Second quarter 2010 operating income was $19.3 million versus a $(2.8) million operating income (loss) in the second quarter last year. The increase in operating income was primarily attributable to the increases in crude oil sales volumes, crude oil sales prices and natural gas prices. These increases to operating income were partially offset by lower natural gas sales volumes and higher expenses, including higher depletion, production taxes, lease operating, and general and administrative.
As of June 30, 2010, we had $333.2 million in cash, cash equivalents and short term investments and $862.2 million in total assets.
Overview of Second Quarter 2010 Operational Results
Williston Basin
At the beginning of the second quarter 2010, we had four operated rigs running in the Williston Basin and added our fifth operated rig in May 2010 in conjunction with our April 2010 common stock offering.
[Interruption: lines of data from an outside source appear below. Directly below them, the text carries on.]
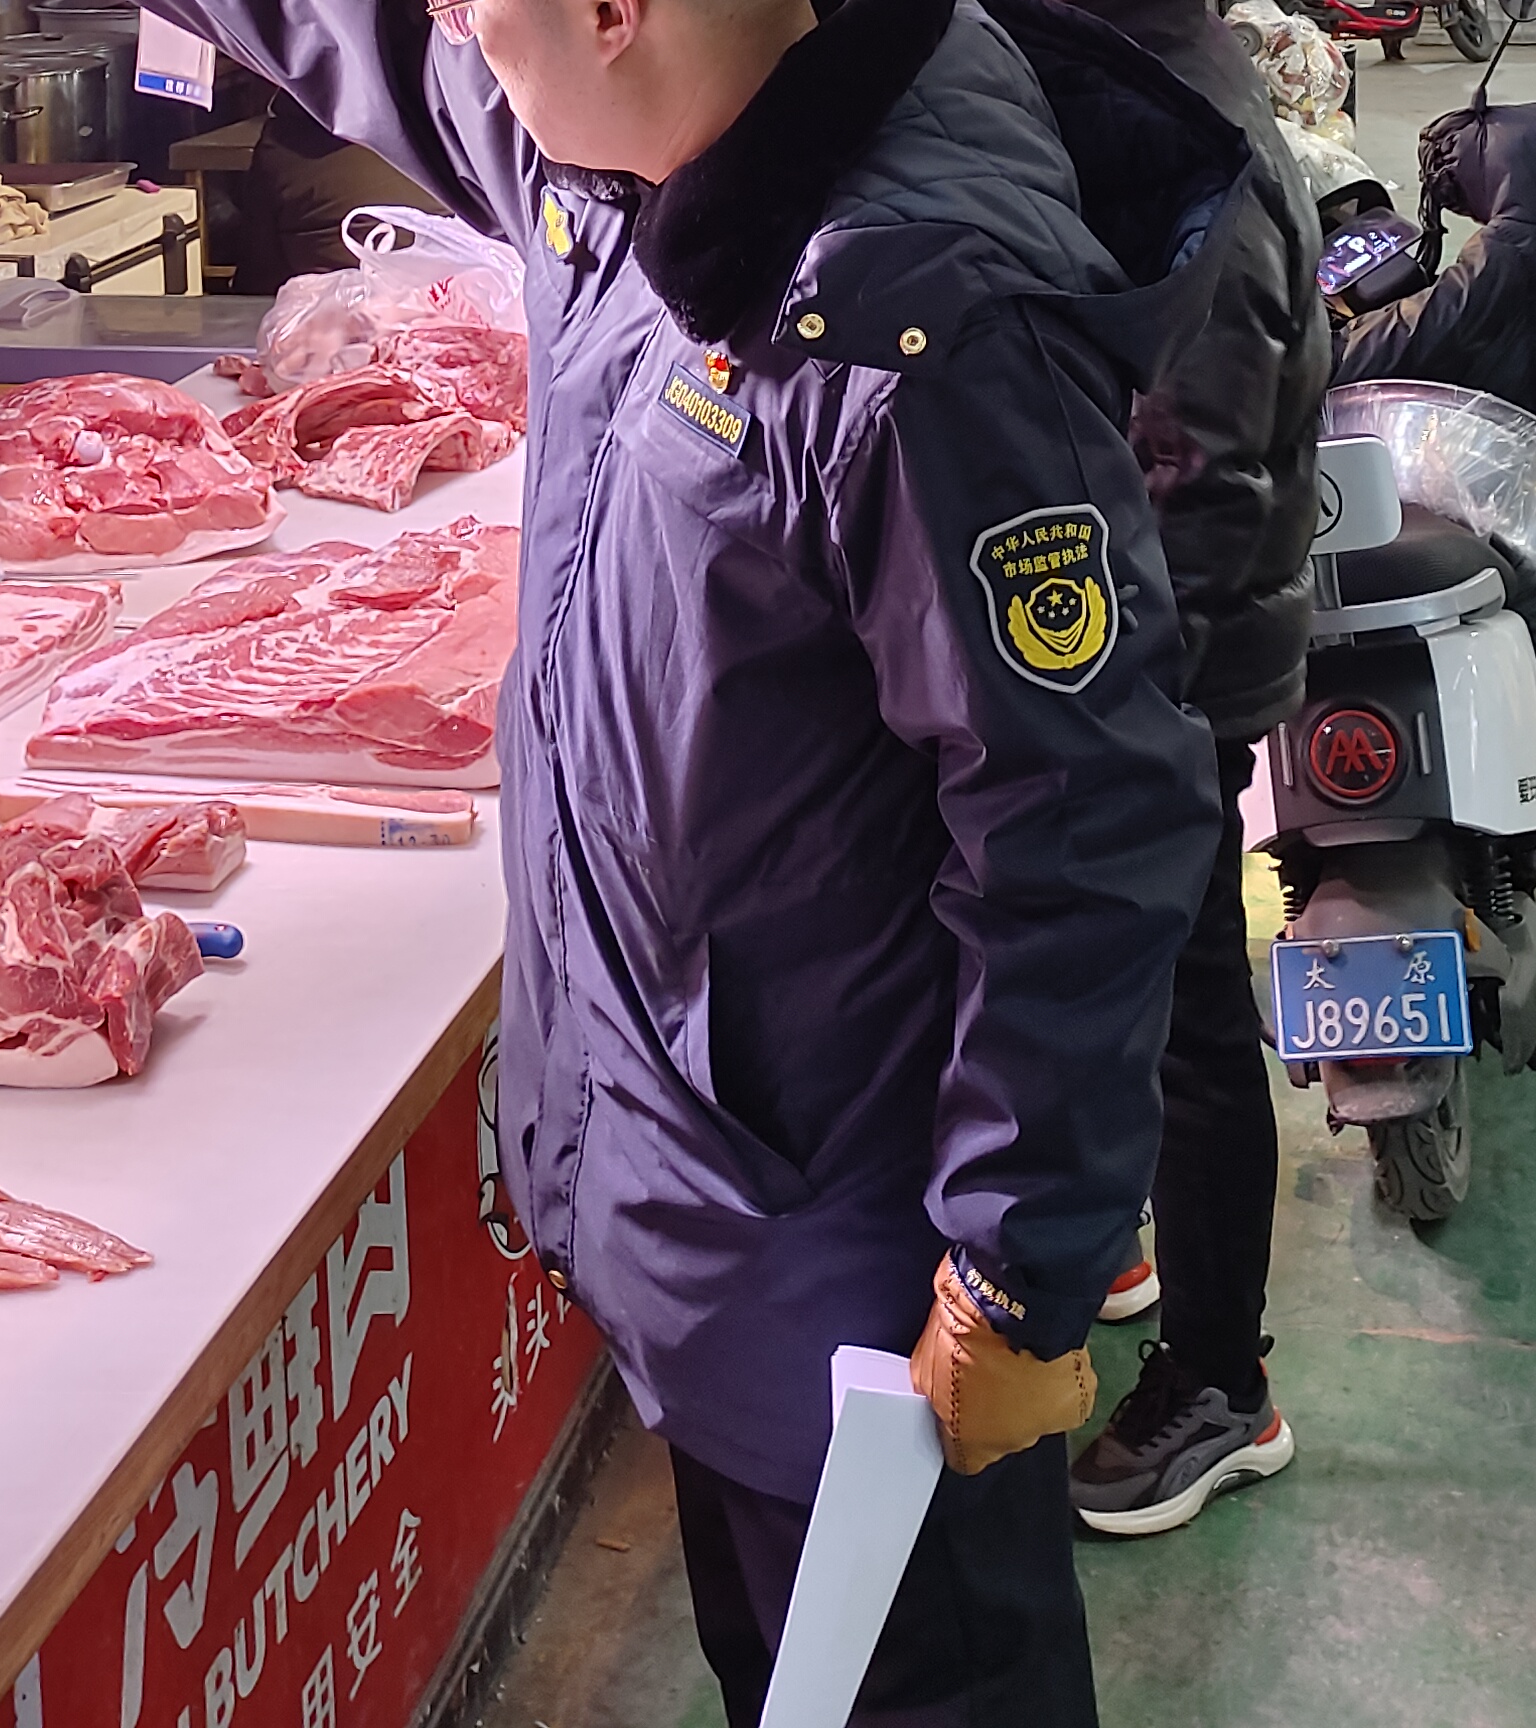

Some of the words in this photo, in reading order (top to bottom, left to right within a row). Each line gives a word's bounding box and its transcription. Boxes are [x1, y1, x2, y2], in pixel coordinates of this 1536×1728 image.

[664, 374, 744, 445] JG040103309
[990, 522, 1093, 562] 中华人民共和国
[1002, 541, 1090, 579] 市场监管执法
[1303, 952, 1438, 992] 太原
[1289, 991, 1455, 1048] J89651
After adding our fifth rig, four of the rigs were primarily drilling wells in our Rough Rider project area in Williams and McKenzie Counties, North Dakota. The fifth operated rig drilled wells in our Ross project area in Mountrail County, North Dakota. The following table summarizes our completions in the Williston Basin since the end of the first quarter 2010.
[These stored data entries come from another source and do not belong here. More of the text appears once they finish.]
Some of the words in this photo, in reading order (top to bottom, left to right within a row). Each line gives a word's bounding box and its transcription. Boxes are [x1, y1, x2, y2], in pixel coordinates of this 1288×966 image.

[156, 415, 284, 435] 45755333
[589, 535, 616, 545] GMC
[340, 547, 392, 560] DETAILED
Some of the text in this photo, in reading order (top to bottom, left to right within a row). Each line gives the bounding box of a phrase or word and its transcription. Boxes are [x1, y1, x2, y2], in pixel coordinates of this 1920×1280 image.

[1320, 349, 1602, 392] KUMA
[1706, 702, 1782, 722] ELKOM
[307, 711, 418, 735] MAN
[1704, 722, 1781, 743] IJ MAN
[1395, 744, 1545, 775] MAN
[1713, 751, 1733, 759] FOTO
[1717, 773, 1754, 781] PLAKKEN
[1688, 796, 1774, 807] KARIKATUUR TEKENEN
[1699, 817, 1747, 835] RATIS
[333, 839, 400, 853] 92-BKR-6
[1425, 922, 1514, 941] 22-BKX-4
                                         
                    Frac     IP     30 Day  
Well Name   County   Objective   ~WI%     Stages     (Boe/d)     Average (Boe/d)**  
 
                                       
Michael Owan 26-35 #1H
  Williams   Bakken     87 %     33       2,931       NA  
Sedlacek Trust 33-4 #1H
  McKenzie   Bakken     48 %*     30       2,695       NA  
Rogney 17-8 #1H
  Roosevelt   Bakken     100 %     30       909       NA  
Ross Alger 6-7 #1H
  Mountrail   Bakken     47 %     32       3,070       1,465  
Owan 29-32 #1H
  Williams   Bakken     78 %     31       2,302       868  
Abe 30-31 #1H
  Williams   Bakken     97 %     31       1,847       731  
Jack Cvancara 19-18 #1H
  Mountrail   Bakken     83 %     36       5,035       1,800  
Tjelde 29-32 #1H
  McKenzie   Bakken     77 %     30       3,171       931  
Abelmann State 21-16 #1H
  McKenzie   Bakken     64 %     31       3,301       1,044  
Mortenson 5-32 #1H
  Williams   Bakken     77 %     23       2,314       584  
Arnson 13-24 #1H
  Williams   Bakken     93 %     30       1,339       480  
Sorenson 29-32 #1H
  Mountrail   Bakken     95 %     27       5,133       1,909  
Jack Erickson 6-31 #1H
  Williams   Bakken     21 %*     30       2,652       833  
Averages
                            2,823       1,065  
     
*   Rough Rider drilling participation agreement well where our working interest is anticipated to increase upon payout.
 
**   Excludes any days well was down for remediation.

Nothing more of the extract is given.